- TASK INSTRUCTIONS:
Please transcribe every record below exactly as it appears.

Stored data entries
------------------------------
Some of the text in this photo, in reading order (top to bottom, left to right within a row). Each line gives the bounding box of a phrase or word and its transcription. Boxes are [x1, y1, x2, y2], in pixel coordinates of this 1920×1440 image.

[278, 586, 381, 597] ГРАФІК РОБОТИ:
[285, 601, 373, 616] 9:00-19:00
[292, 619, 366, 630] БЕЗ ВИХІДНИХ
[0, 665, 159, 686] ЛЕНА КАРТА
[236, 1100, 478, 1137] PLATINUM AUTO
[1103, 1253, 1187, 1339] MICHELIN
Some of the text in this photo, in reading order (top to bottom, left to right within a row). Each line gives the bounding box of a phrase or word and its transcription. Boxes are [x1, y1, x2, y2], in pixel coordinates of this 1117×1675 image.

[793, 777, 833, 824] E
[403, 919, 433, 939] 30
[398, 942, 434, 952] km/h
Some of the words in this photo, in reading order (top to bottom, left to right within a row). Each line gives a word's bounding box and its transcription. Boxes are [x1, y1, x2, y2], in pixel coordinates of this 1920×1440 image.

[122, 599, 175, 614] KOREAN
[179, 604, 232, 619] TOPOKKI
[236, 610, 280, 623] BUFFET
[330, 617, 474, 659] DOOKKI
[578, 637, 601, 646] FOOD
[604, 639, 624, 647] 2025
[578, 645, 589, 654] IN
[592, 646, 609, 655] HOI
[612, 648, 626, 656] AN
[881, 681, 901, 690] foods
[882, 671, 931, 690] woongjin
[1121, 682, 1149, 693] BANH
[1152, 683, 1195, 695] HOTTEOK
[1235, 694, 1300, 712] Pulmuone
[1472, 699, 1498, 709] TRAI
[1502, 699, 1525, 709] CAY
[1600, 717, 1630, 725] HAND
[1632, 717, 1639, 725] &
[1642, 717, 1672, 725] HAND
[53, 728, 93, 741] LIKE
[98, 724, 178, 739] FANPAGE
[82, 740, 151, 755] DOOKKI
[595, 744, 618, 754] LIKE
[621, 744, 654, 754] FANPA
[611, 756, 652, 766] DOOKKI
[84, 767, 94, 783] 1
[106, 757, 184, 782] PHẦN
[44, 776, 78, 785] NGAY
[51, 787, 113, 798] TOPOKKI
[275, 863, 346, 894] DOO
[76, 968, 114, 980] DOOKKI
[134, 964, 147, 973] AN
------------------------------
- TASK RESPONSE:
Some of the text in this photo, in reading order (top to bottom, left to right within a row). Each line gives the bounding box of a phrase or word and its transcription. Boxes are [x1, y1, x2, y2], in pixel coordinates of this 1920×1440 image.

[278, 586, 381, 597] ГРАФІК РОБОТИ:
[285, 601, 373, 616] 9:00-19:00
[292, 619, 366, 630] БЕЗ ВИХІДНИХ
[0, 665, 159, 686] ЛЕНА КАРТА
[236, 1100, 478, 1137] PLATINUM AUTO
[1103, 1253, 1187, 1339] MICHELIN
Some of the text in this photo, in reading order (top to bottom, left to right within a row). Each line gives the bounding box of a phrase or word and its transcription. Boxes are [x1, y1, x2, y2], in pixel coordinates of this 1117×1675 image.

[793, 777, 833, 824] E
[403, 919, 433, 939] 30
[398, 942, 434, 952] km/h
Some of the words in this photo, in reading order (top to bottom, left to right within a row). Each line gives a word's bounding box and its transcription. Boxes are [x1, y1, x2, y2], in pixel coordinates of this 1920×1440 image.

[122, 599, 175, 614] KOREAN
[179, 604, 232, 619] TOPOKKI
[236, 610, 280, 623] BUFFET
[330, 617, 474, 659] DOOKKI
[578, 637, 601, 646] FOOD
[604, 639, 624, 647] 2025
[578, 645, 589, 654] IN
[592, 646, 609, 655] HOI
[612, 648, 626, 656] AN
[881, 681, 901, 690] foods
[882, 671, 931, 690] woongjin
[1121, 682, 1149, 693] BANH
[1152, 683, 1195, 695] HOTTEOK
[1235, 694, 1300, 712] Pulmuone
[1472, 699, 1498, 709] TRAI
[1502, 699, 1525, 709] CAY
[1600, 717, 1630, 725] HAND
[1632, 717, 1639, 725] &
[1642, 717, 1672, 725] HAND
[53, 728, 93, 741] LIKE
[98, 724, 178, 739] FANPAGE
[82, 740, 151, 755] DOOKKI
[595, 744, 618, 754] LIKE
[621, 744, 654, 754] FANPA
[611, 756, 652, 766] DOOKKI
[84, 767, 94, 783] 1
[106, 757, 184, 782] PHẦN
[44, 776, 78, 785] NGAY
[51, 787, 113, 798] TOPOKKI
[275, 863, 346, 894] DOO
[76, 968, 114, 980] DOOKKI
[134, 964, 147, 973] AN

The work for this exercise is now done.